HRW report highlights Myanmar’s slowing reforms

The reform process in Myanmar experienced significant slowdowns, said Human Rights Watch (HRW) in its World Report 2015, which reviewed the country’s situations in 2014.

The report published on January 29 featured Myanmar’s situation on six pages and highlighted the reasons for declining reforms. It points out in some cases reversals of basic freedoms and democratic progress in 2014.

HRW said the government continued to pass laws with significant human rights limitations, failed to address calls for constitutional reform ahead of the 2015 elections, and increased arrests of peaceful critics, including land protesters and journalists.

The government's commitment to staging free and fair elections in 2015 came under question in 2014 as it cancelled planned bi-elections and made no commitment to amend the deeply flawed 2008 constitution, it reviews. 

The report points out article 59(f), article 436 and the military 25 percent of seats in parliament, which grants it an effective veto over constitutional amendments and the government’s refusal to discuss federalism.

Myanmar’s Defense Services, or Tatmadaw, rejected constitutional amendments, and senior military leaders in numerous speeches vowed to safeguard the existing constitution as one of the military’s core duties. Military leaders also maintained that they should retain their quota of reserved seats in parliament, control of key ministries, and emergency powers.

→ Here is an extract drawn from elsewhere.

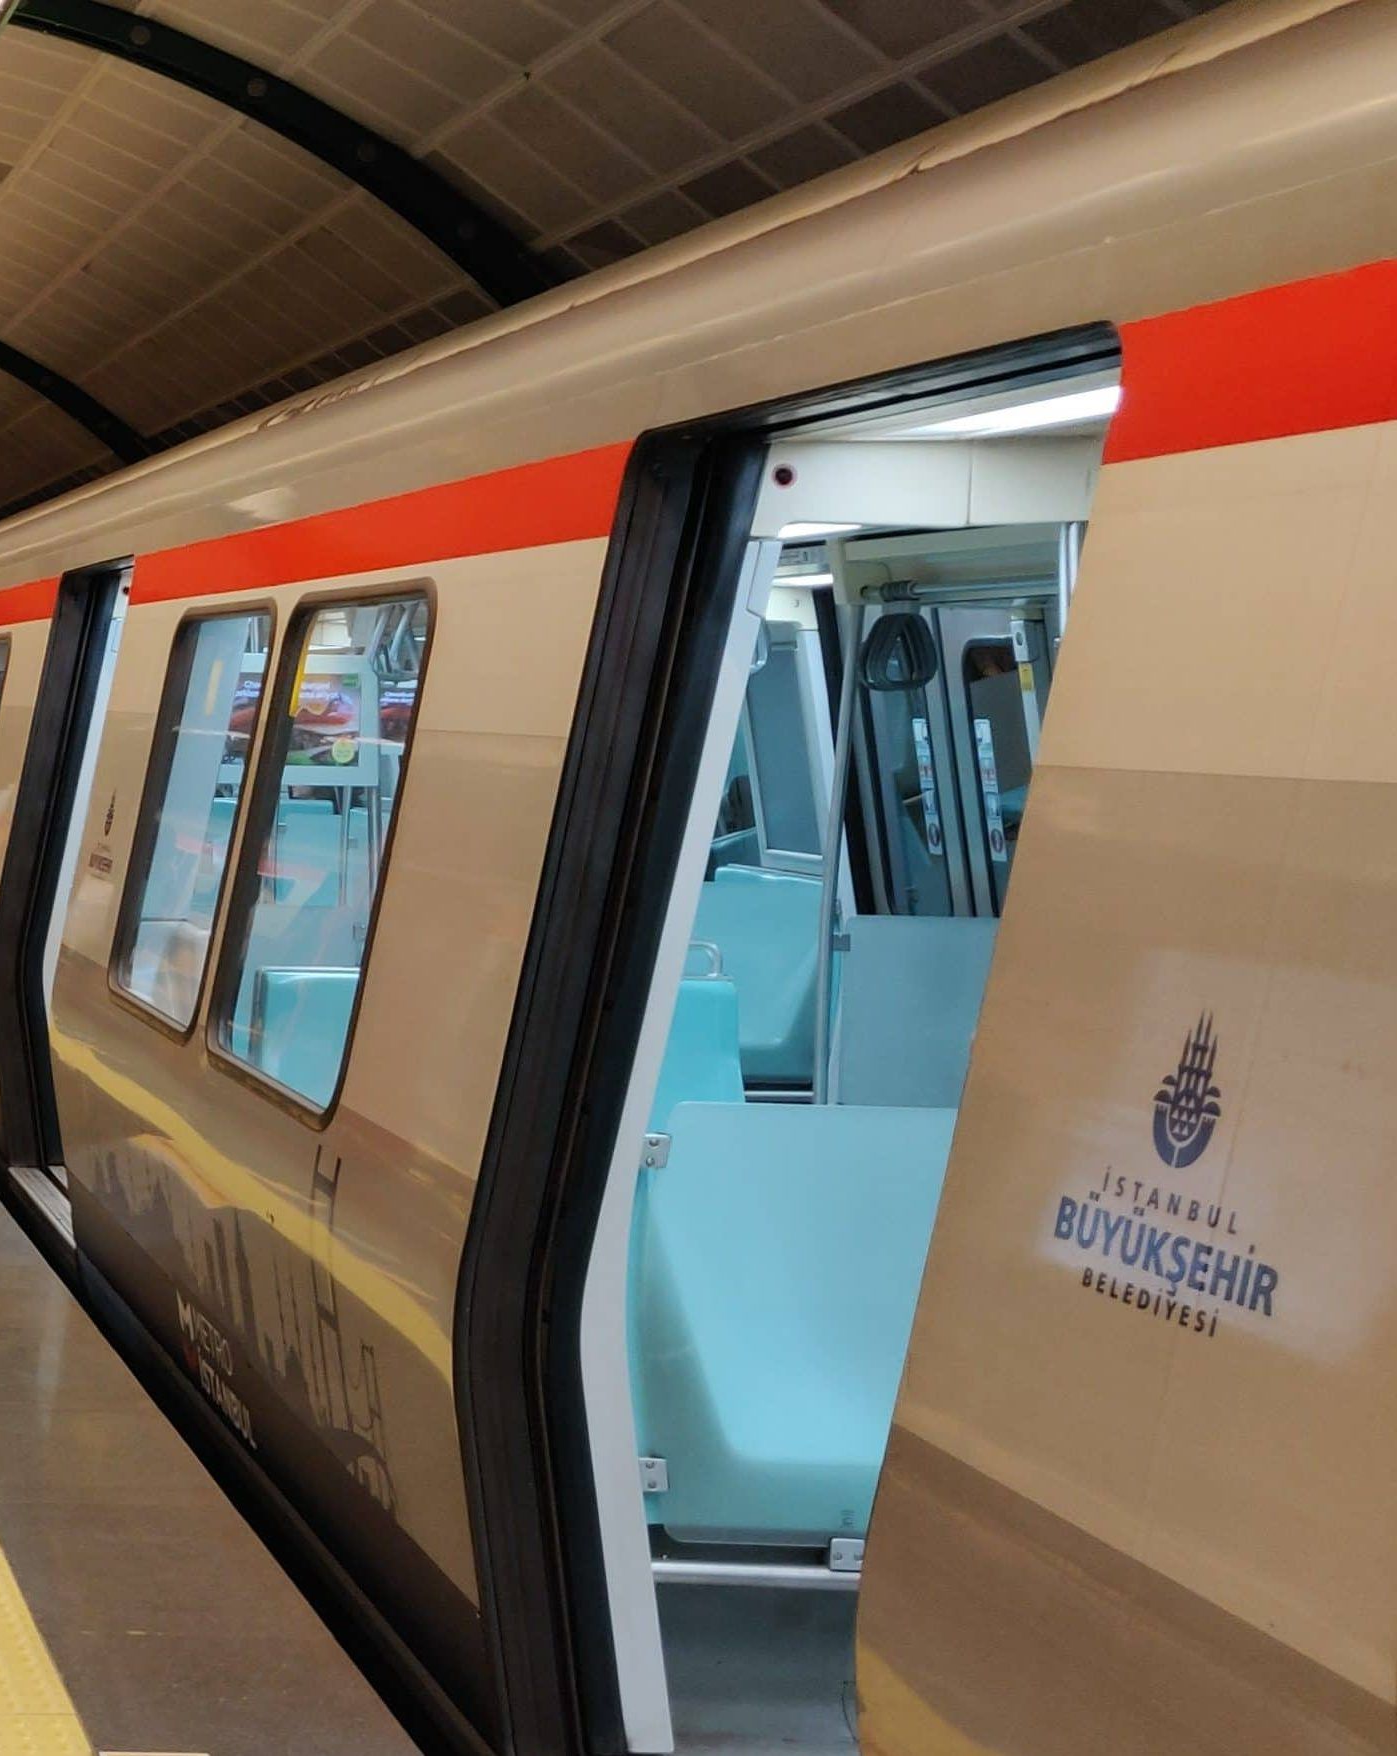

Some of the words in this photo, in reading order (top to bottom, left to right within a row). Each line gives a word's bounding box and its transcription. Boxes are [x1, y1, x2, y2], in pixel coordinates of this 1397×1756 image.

[1102, 1166, 1237, 1235] İSTANBUL
[1054, 1190, 1278, 1317] BÜYÜKŞEHİR
[1081, 1266, 1220, 1338] BELEDİYESİ

There were at least 27 political prisoners in Myanmar at time of writing, according to former prisoner groups, HRW said, adding that some 200 other people face charges for what appears to be efforts to exercise their rights to freedom of assembly and expression. A presidential amnesty in October released 3,000 prisoners, only about a dozen of whom were political prisoners. 

The report also includes protests over land rights, evictions, land ownership problems between the military and farmers and parliament’s maintenance of controversial section 18 of the Peaceful Process and Assembly Law in 2014.  

Media freedoms, viewed as a key indicator of human rights progress, took a sharp downturn in 2014 as the government increased its intimidation of media, HRW commented.

Such a sharp downturn in media freedoms were based on government’s pressure on publications and visa restrictions on exiled Myanmar and foreign journalists, the sentencing of journalists from the weekly journal to many years in prison for breaches of the Official Secrets Act, which alarmed many journalists who saw it as a return to past draconian punishments of media, and the killing of freelance reporter Aung Kyaw Naing (also known as Par Gyi).   

Another thing HRW points out is that the Public Service Media Bill will foster the development of a publicly funded media conglomerate that can be expected to serve as a powerful pro-government voice. 

HRW also blamed Myanmar for continued problems of minorities citing the issue of Rakhine State as an example.  

As to ethnic conflict and forced displacement, the reports points out continued fighting in Kachin and Shan states and the plight of internally displaced people. 

An estimated 350,000 people remain internally displaced in eastern Myanmar, and more than 110,000 refugees live in nine camps across the border in Thailand. Under current conditions—lack of security in the area, extensive landmine infestation, poor rule of law, and an absence of even basic infrastructure and services—any returns would not be sustainable and in line with international standards.

The report says all major aid donors—including those from the European Union, Australia, the United Kingdom, and Japan—increased aid and development support to Myanmar in 2014. The World Bank and Asian Development Bank also increased grants in 2014. It however reviewed the donor countries had done little to pressure Myanmar to keep reforms on track. 

In 2014 the government staged four child soldier release ceremonies, discharging a total of 378 underage soldiers. Non-state armed groups, particularly in Myanmar's northern states where fighting has increased, also recruit and use child soldiers, HRW quoted widespread reports.

The HRW report for 2015 comes after a report released by the Freedom House on January 28. It says that Myanmar, which has only partly abandoned military rule, began to veer from the path to democracy.